Atatürk Ankara’da Yapılan Güreşlerde

Güneş Kulübü tarafından 9 Mart 1938 Perşembe gecesi saat 21’de Ankara Halkevi’nde güreş teşvik müsabakaları tertip edilmişti. Bu güreşle­re Ankaragücü, Demir-Çankaya, Çankaya, Harbiye İdman Yurdu ve Mu­hafız Gücü kulüplerine mensup 35 güreşçi iştirak etmiştir.

Cumhurbaşka­nı Atatürk de ani olarak saat 22’ye doğru yüksek huzurlarıyla güreşleri seyretmek üzere Halkevi’ne gelir.(1)

Beraberinde Başbakan Celâl Bayar, İç­işleri Bakanı Şükrü Kaya, Dışişleri Bakanı Dr. Tevfık Rüştü Aras, Adalet Bakanı Şükrü Saraçoğlu ve manevî kızı havacı Sabiha Gökçen de bulun­maktaydı. Atatürk ve beraberindekiler salona gelince, salonu dolduran yüzlerce seyirci tarafından coşkun bir tezahüratle alkışlanarak karşılanır ve bu sevgi gösterileri dakikalarca sürüp gider.(2)

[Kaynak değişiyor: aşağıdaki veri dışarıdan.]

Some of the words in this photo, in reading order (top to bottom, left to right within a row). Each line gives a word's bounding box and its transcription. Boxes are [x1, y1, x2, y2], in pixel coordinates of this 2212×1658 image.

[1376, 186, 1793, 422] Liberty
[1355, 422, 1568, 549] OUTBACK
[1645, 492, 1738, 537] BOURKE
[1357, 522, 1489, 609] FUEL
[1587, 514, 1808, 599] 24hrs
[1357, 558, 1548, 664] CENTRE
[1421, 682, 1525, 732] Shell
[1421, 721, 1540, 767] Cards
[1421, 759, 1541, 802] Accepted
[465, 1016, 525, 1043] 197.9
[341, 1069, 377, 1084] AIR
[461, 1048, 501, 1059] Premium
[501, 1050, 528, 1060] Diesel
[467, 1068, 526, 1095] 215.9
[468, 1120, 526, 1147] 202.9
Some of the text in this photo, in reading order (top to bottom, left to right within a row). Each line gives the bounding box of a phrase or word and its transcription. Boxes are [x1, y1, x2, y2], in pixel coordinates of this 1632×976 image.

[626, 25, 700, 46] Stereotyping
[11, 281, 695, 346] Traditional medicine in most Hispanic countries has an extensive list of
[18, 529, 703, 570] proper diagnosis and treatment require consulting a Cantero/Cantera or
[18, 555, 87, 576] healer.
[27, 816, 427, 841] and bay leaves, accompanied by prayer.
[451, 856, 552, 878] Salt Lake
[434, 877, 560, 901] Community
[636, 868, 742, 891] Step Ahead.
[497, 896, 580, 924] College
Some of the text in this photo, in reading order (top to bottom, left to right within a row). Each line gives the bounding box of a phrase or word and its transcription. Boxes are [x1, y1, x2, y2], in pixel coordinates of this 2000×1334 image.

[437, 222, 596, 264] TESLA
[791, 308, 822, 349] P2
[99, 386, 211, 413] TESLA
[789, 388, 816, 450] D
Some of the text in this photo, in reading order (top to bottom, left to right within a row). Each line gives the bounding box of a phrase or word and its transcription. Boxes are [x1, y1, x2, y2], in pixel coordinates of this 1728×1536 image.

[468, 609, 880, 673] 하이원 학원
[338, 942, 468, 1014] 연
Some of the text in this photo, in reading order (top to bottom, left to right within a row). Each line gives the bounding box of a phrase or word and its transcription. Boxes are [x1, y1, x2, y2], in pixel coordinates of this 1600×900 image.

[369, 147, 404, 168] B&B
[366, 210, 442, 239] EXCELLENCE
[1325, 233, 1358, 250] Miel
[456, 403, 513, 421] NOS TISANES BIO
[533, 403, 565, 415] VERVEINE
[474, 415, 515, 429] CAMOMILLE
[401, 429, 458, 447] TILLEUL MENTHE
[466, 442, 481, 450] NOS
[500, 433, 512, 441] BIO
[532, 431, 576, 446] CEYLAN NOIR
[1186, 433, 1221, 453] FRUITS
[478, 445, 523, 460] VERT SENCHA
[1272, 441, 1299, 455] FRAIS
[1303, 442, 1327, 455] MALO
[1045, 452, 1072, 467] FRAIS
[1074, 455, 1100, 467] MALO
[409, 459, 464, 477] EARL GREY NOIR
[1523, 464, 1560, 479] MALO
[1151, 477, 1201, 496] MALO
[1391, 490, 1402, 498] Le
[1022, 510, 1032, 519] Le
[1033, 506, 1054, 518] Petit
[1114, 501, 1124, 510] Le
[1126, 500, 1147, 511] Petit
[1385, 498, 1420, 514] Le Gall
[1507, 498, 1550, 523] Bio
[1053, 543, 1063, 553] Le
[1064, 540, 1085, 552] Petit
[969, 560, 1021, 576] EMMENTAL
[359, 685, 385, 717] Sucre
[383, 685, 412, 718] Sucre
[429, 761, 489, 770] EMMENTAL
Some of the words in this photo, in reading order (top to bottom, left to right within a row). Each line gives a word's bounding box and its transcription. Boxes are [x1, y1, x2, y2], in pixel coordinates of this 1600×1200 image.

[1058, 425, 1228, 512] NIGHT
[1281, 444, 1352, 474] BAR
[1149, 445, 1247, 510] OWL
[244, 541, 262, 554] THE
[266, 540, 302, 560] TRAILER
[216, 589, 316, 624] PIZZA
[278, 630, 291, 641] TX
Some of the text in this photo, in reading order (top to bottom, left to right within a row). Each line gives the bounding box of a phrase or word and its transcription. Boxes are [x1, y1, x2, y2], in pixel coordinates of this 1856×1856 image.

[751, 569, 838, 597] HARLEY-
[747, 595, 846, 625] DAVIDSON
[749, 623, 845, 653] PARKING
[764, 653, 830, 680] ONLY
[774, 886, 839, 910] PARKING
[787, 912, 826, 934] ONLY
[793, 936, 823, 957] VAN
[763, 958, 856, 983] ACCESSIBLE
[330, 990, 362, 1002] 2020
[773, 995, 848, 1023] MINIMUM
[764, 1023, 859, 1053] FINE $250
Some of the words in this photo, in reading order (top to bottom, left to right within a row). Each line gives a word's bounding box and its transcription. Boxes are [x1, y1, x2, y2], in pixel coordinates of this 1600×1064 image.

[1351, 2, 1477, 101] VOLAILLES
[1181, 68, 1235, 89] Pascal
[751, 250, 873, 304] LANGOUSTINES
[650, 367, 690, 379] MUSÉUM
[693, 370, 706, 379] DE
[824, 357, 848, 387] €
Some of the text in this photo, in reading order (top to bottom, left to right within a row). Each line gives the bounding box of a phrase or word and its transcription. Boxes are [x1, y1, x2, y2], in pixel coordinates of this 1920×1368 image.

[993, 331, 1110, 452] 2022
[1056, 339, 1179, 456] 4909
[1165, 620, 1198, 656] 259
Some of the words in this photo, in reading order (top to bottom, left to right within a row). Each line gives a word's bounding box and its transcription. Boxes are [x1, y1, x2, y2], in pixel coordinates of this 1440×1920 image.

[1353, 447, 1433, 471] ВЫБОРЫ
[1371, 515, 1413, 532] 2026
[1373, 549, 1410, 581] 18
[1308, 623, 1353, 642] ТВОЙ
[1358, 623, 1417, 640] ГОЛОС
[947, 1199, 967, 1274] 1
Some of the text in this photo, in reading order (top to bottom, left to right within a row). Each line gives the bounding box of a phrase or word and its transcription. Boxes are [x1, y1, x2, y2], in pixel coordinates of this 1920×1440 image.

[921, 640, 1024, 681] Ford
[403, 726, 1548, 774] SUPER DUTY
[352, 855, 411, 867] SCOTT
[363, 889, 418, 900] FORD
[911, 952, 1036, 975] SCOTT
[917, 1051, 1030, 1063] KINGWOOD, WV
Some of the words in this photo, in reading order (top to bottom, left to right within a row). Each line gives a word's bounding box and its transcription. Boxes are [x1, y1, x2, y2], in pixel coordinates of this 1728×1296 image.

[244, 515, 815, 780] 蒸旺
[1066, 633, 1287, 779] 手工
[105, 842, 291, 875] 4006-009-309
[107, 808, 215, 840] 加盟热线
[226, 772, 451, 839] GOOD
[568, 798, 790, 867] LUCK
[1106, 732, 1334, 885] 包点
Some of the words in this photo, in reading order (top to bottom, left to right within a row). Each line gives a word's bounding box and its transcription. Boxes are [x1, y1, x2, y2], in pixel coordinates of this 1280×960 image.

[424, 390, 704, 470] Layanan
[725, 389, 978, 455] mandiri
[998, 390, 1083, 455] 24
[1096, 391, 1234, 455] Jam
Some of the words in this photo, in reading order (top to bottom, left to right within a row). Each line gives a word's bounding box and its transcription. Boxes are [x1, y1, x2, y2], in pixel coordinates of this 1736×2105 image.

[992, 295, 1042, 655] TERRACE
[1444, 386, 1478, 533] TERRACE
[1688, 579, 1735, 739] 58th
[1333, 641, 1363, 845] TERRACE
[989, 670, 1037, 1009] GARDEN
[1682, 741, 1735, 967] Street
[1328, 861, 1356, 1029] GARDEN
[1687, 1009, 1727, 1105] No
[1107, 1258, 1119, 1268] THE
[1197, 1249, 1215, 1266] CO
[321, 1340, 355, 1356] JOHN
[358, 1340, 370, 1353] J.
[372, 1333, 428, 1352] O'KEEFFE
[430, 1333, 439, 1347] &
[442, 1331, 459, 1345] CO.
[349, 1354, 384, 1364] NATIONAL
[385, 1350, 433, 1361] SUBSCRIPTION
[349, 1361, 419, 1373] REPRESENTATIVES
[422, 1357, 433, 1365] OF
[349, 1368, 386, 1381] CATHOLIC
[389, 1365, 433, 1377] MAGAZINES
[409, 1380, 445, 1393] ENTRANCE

Bu arada bütün güreşçiler sahneye toplanırlar. Açış konuşması için kürsüye çıkan, Güneş Kulübü kurucularından ve başkanı olan Atatürk’ün yakın arkadaşlarından Bolu Milletvekili Cevat Abbas Gürer konuşması­na şöyle başlar:

“Türk varlık ve benliğini yaratan sevgili güneşimiz Atatürk’ü, An­kara sportmenleri adına en derin tâzimlerimle selâmlar ve huzurlarıyla sportmenlerimize şeref veren sayın vatandaşlarıma da saygılarımı sunarım.

Aziz Vatandaşlarım,

Biraz sonra bedenî kuvvet denemelerini göreceğiniz pehlivanlar, benzersiz Büyük Önder’imiz ve onun kudretli hükümeti tarafından güreşe ve­rilen ehemmiyetin ve gösterdikleri yüksek ilginin tecelliyatı olarak Ankara Spor Kulüplerinin iştirak ettikleri güreş müsabakalarının tatbikatını yapa­caklardır… Güreşçiler bu medenî mücadele sporuna başlarken, genç güreşçilerin bilmesi lâzım gelen zengin ve her zaman için iftihara değer tarihinden kı­saca bahsedeceğim: Güreş, kanında en asil cevher taşıyan Türk camiasının göremediğimiz ve düşünemediğimiz kadar evvel başlamıştır. Diyebilirim ki, Türk varlığı ile beraber doğmuş olan güreş, bütün sporların en kıdemlisidir ve bütün bedenî hareketlerin en mühimi bulu­nan bu Türk sporu kadar eskidir ve yalnız onun malıdır.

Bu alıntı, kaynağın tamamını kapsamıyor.